In a sea of hands

Homily for June 28 (13th Sunday in Ordinary Time)
Wisdom 1:13-15, 2:23-24; Psalm 30 (vv.); 2 Corinthians 8:7, 9, 13-15; Mark 5:21-43

They are fairly ubiquitous, those seas of hands.  You see them waving and reaching up at a Taylor Swift or Beyonce concert, and—perhaps with the assistance of Extra Strength Tylenol—they could be found as the Rolling Stones helped to kick off Summerfest in Milwaukee.  You see them holding pens, paper, caps, gloves or other objects in Major League ballparks as players walk to and from batting practice.  You see them straining for bread, rice, plastic sheeting and other items distributed from the backs of trucks at refugee camps in many parts of the world.  They’re all seeking something:  an emotional connection with an entertainer; an autograph from an all-star; something to feed a family and protect them from the elements.

In our gospel passage, Jesus finds himself in a sea of people.  Yet there is one set of hands that get his attention.  They belong to a woman, suffering and driven by desperation, who reaches out and touches his cloak.  Her urgency and faith are so great that they demand a response.  He feels healing power drain out of him and is stopped in his tracks.  A short while later, Jesus finds himself in a room with only a few people.  He extends his hand to a girl everyone else believes is dead and urges her to get up.  To the astonishment of everyone but Jesus, she does.

It’s very clear why the unnamed woman and Jairus reached out to Jesus:  they needed his healing power.  We often reach out to Jesus—in prayer, in resolutions to live as better disciples, or in various offerings—because we want or need something. These gestures are a natural part of any relationship and quite healthy…when they’re not the only times we reach out to Jesus!

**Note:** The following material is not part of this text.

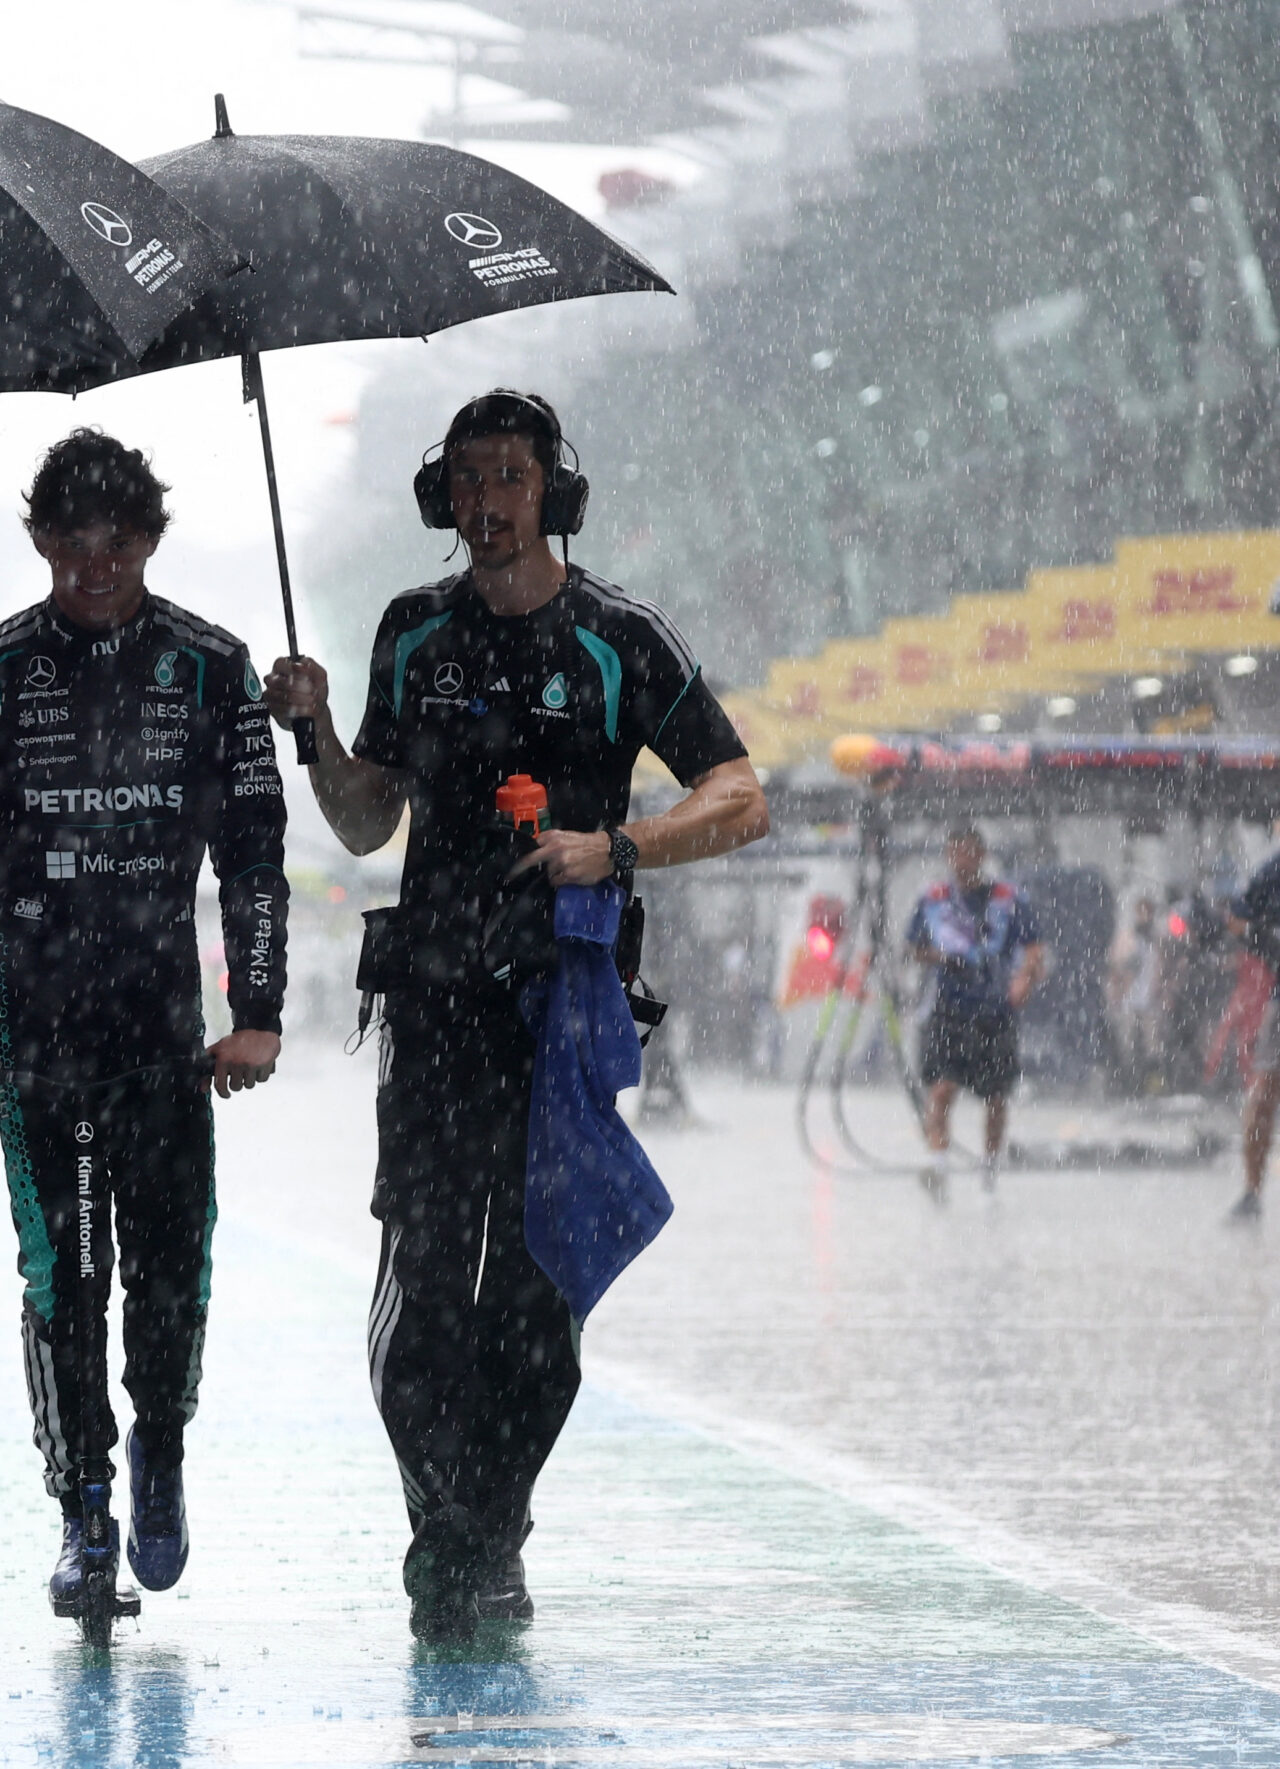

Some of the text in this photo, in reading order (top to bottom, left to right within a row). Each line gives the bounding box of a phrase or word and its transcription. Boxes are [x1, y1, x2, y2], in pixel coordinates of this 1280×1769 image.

What’s more important, however, is for us to remember that Jesus is ever-available to us.  Indeed, he is reaching out to us, regardless of what others may think of us or we think of ourselves.  He isn’t afraid to get his hands dirty.  In being touched by a woman who is suffering from a flow of blood and in touching the hand of an apparently dead girl, Jesus makes himself ritually unclean.  He is willing to stand outside the community of faith in this way in order to bring back into it two daughters who have been separated from it.  In the words of our responsorial psalm, he brings them “up from the netherworld”—the world of alienation, darkness and death—to a world of reconciliation, light and life.

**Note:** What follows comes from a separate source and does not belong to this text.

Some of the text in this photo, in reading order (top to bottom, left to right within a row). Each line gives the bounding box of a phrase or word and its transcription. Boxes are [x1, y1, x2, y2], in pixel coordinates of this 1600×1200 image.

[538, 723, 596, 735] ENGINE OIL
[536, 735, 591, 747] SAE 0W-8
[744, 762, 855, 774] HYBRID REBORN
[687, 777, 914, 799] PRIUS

God, as our first reading reminds us, is all about life:  “he fashioned all things that they might have being; and the creatures of the world are wholesome.”  We want to experience life, joy and sense of wholeness in greater abundance; and we spend much of our lives reaching out to whomever or whatever we think will give it to us.  Jesus, however, teaches us a different way—extending our hands and ourselves not to get but rather to give.  St. Paul encouraged the young church at Corinth to reach out to the poor and persecuted mother church of Jerusalem by calling to mind “the gracious act of our Lord Jesus Christ,” who through his incarnation, passion and death became poor in order to give us the richness of eternal life.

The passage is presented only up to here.